Eles poderiam ter feito o que Dom John Wester fez, emitir uma declaração expressando solidariedade aos bispos franceses e republicar sua declaração. Nenhum dos dois é um líder da conferência dos bispos dos EUA. A Santa Sé perguntou a eles o que pensavam? A palavra "católico" é uma palavra com um significado. Há um arcebispo de Paris e seu nome é Ulrich, não Barron ou Cozzens.
Barron parece gostar de comentar sobre todos os assuntos sob o sol. Se houvesse um Dicastério para os Hot Takes [temas do momento], ele poderia ser o prefeito. O problema é mais profundo do que a vaidade de um bispo. Ambos os prelados dos EUA falham em reconhecer a qualidade autodestrutiva de morder a isca toda vez que as guerras culturais explodem.

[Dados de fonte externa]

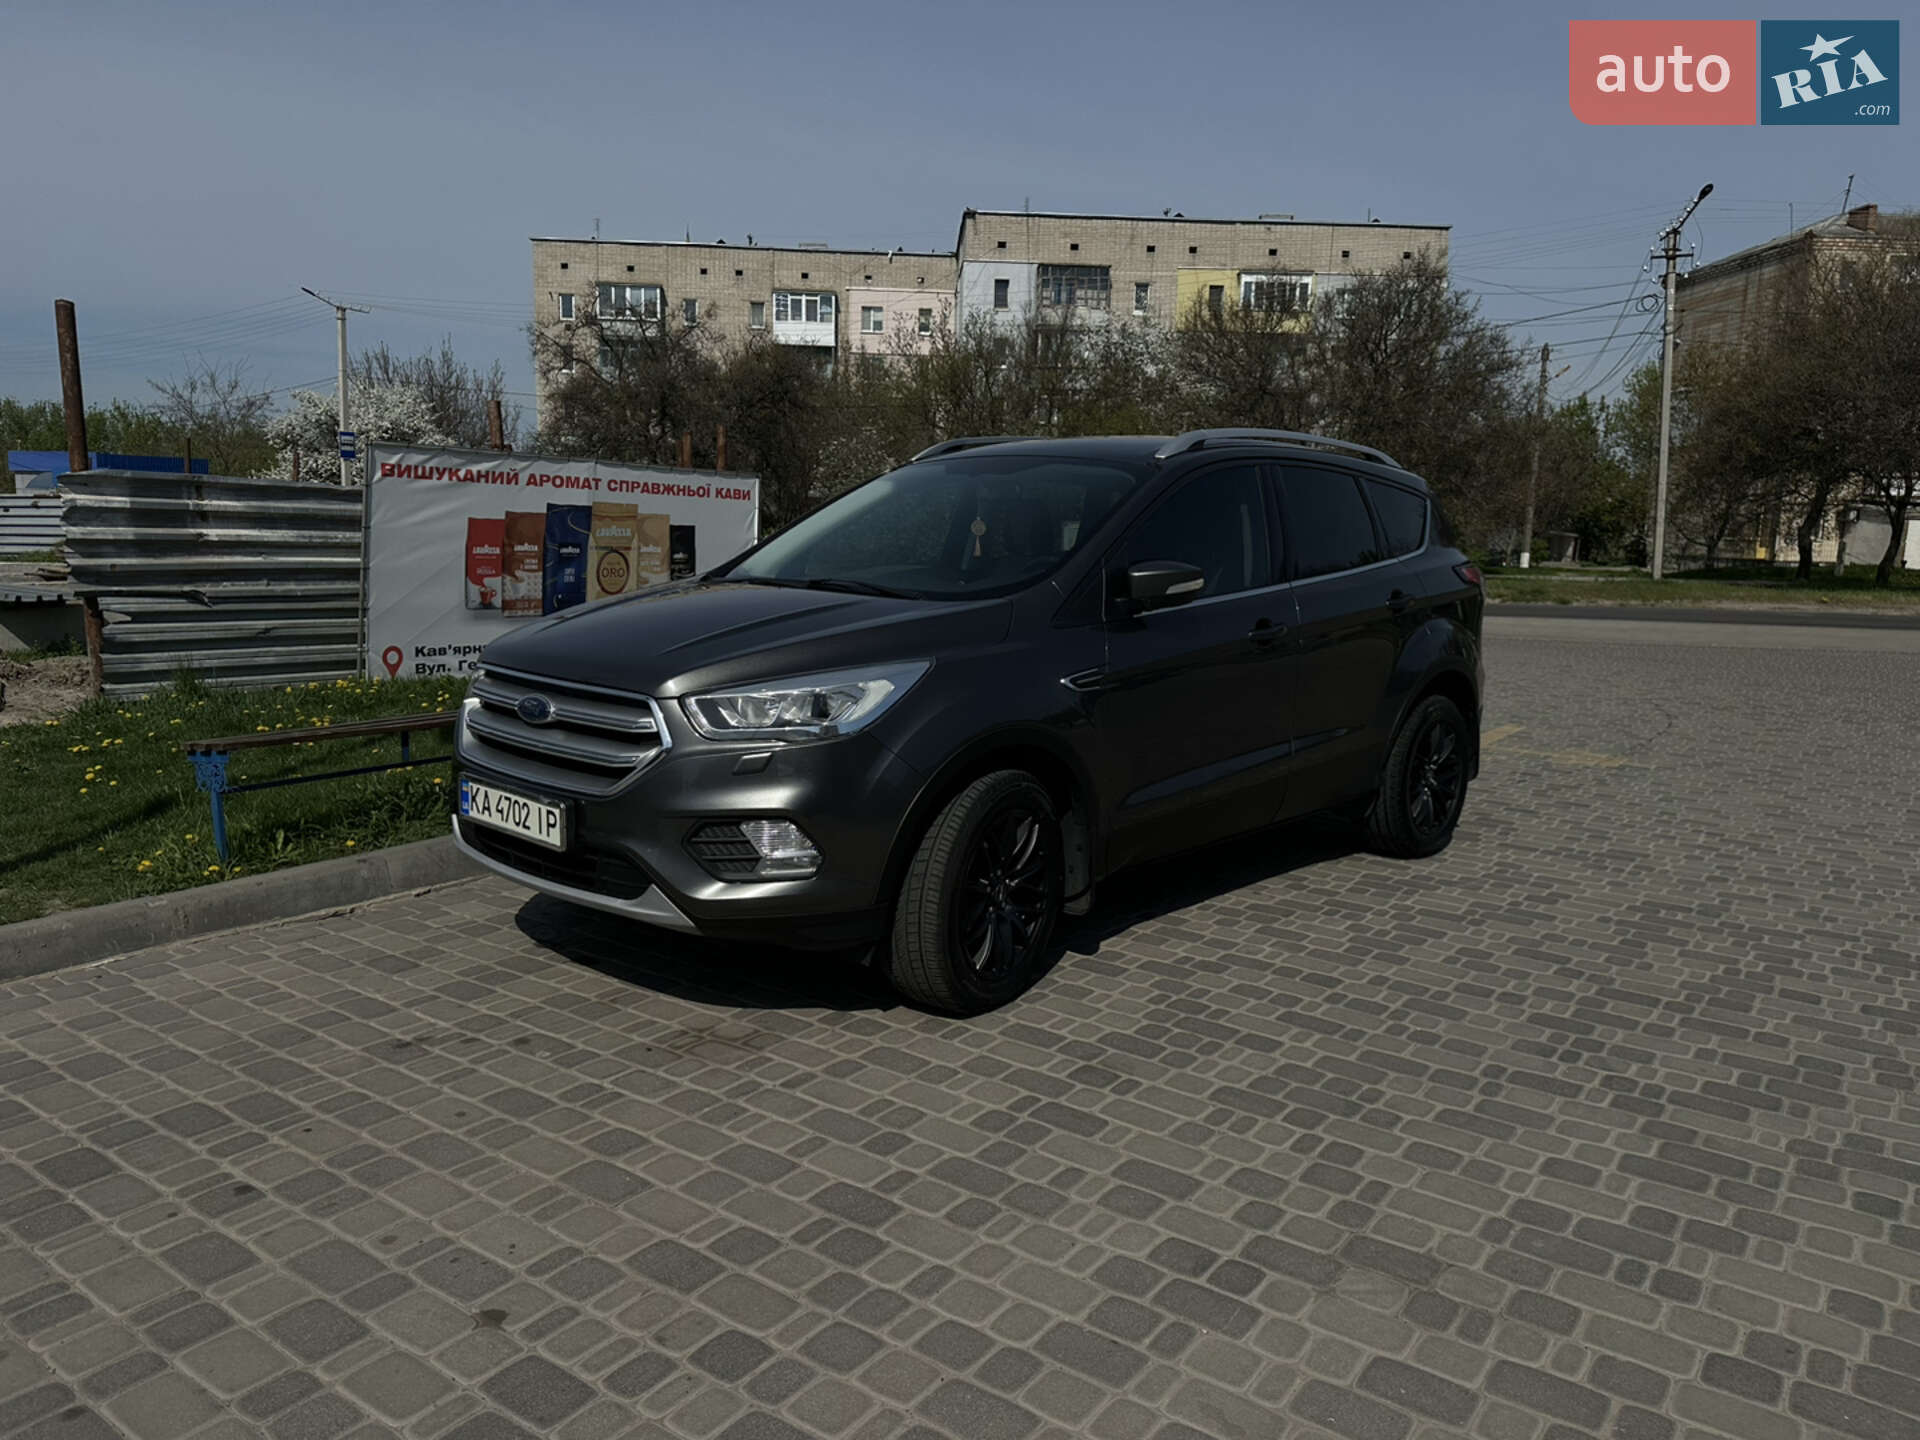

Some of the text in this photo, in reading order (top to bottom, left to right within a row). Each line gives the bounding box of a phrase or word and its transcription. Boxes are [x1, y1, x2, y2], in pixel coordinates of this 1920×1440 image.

[380, 462, 751, 501] ВИШУКАНИЙ АРОМАТ СПРАВЖНЬОЇ КАВИ
[601, 567, 626, 578] ORO
[415, 644, 487, 658] Кав'ярн
[415, 659, 478, 676] Вул. Ге
[470, 784, 558, 838] KA 4702 IP

Isso sempre cede a escolha do campo de batalha aos oponentes. Isso sempre coloca alguém em uma posição defensiva. Isso sempre corre o risco de exacerbar tensões que poderiam ser resolvidas ou pelo menos amenizadas com uma abordagem diferente. Não tenho medo de ser um pouco teimoso quando é necessário. Quando se torna rotina, torna-se pouco convincente.
Os dois bispos também cometem o erro de atribuir motivos que podem ou não estar presentes. Barron fala sobre a "sociedade pós-moderna" da França, que pode ou não ter sido parte dos motivos do coreógrafo. Ele pode ter apenas procurado causar um rebuliço, gerar cliques. Talvez Barron tenha perdido a capacidade de reconhecer a maneira como os interesses comerciais tendem a distorcer a mensagem e confundir as intenções de alguém.
Há um final feliz para esta história. A interminável, exagerada e controversa cerimônia olímpica foi salva no fim por Celine Dion, que encerrou a noite cantando a famosa canção da tocha de Edith Piaf "Hymne A L'Amour". A performance de Dion foi, como a de muitos atletas, sublime. Não precisava provocar. Foi arte no seu melhor.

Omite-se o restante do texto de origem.